Plant these flowers and you’ll have a supply of beautiful garnishes for salads, desserts, cocktails, as both the leaf and the flower are edible.

Best flowers for attracting butterflies and moths

Attracting these delicate creatures can add another level of beauty to your garden. Here are some of the best flowers to attract butterflies and moths:

Buddleia (Butterfly Bush)

A Buddleia flower

This bush primarily attracts butterflies, as well as hummingbirds and most bees. They grow quickly—up to 3 metres in 1 year—so are great for filling foliage gaps or creating privacy borders. 

They bloom from mid-summer to early autumn, producing a reliable yield of flowers for pollinators to feed on. They will require pruning in late winter or early spring, and can require careful management due to their rapid spread that colonises new areas. Stubborn roots make them resilient but hard to control. This dense foliage, however, provides a guarding shelter for wildlife like birds.


A Milkweed flower

Milkweed is famous for attracting bees, honey bees, and monarch butterflies which are in decline. The intricate flowers can be orange, white, purple or pink and give off a sweet fragrance.

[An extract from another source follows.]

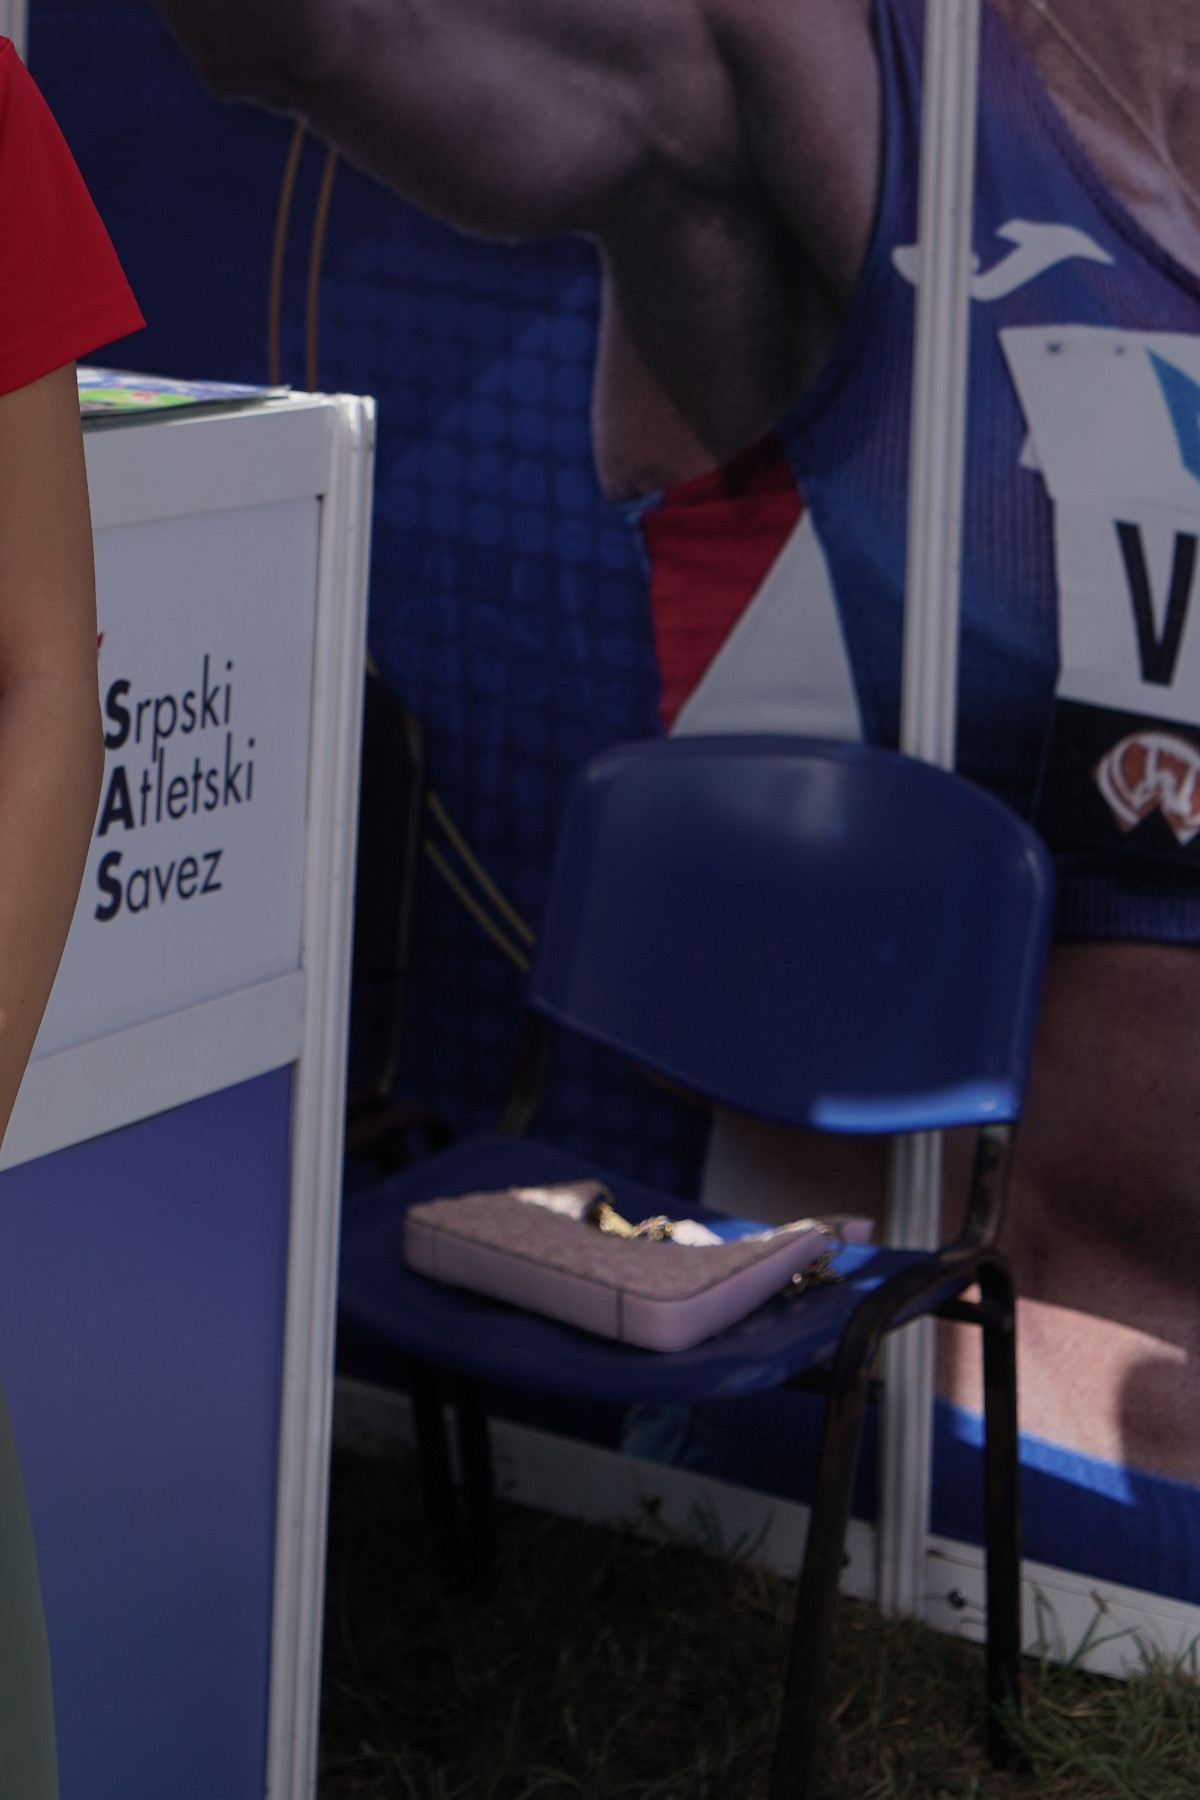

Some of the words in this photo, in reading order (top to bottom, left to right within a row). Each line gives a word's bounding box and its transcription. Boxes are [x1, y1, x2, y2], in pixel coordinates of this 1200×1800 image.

They bloom at the start of summer to its finish, with long-lasting flowers providing an extended period of food for pollinators. They spread via fluffy white parachutes with brown seeds, dispersed in the wind, and spread easily.


A Zinnias flower

Zinnias are attractive to moths, bees and butterflies, coming in a variety of colours and shapes—either single rows of petals or well-packed layers. They bloom from halfway into summer and last until frost. They are easy to grow, in well-drained soil with sun. They require minimal watering, so are suited to gardens in drier climates. 

These look great in gardens, varying in height, offering great backdrops for garden beds. If you want pretty spaces inside as well as out, plant zinnias for free vase flowers that last 7-10 days, brightening a room and freshening its scent.


Marigold flowers

Like their name, marigolds have yellow, gold and orange flowers, displayed in a large round pom-pom-like shape. These plants are distinctive with neat large cylinders, attracting pollinators while adding to the elegance of a cultivated garden. They have a strong, musky scent which can repel pesky insects, so you might plant these near vegetables to try to keep your cabbages unnibbled.


A Plox flower

These are key moth attractors, with a sweet fragrance which strengthens in the evenings. They also attract key pollinators like bees and butterflies, with colourful flowers clustered in lush panicles that bloom spring through summer. 

Attracting bees and insects to your garden can have a profound impact on the ecosystem. By planting the flowers we have discussed above, you will create the perfect environment for these beneficial creatures.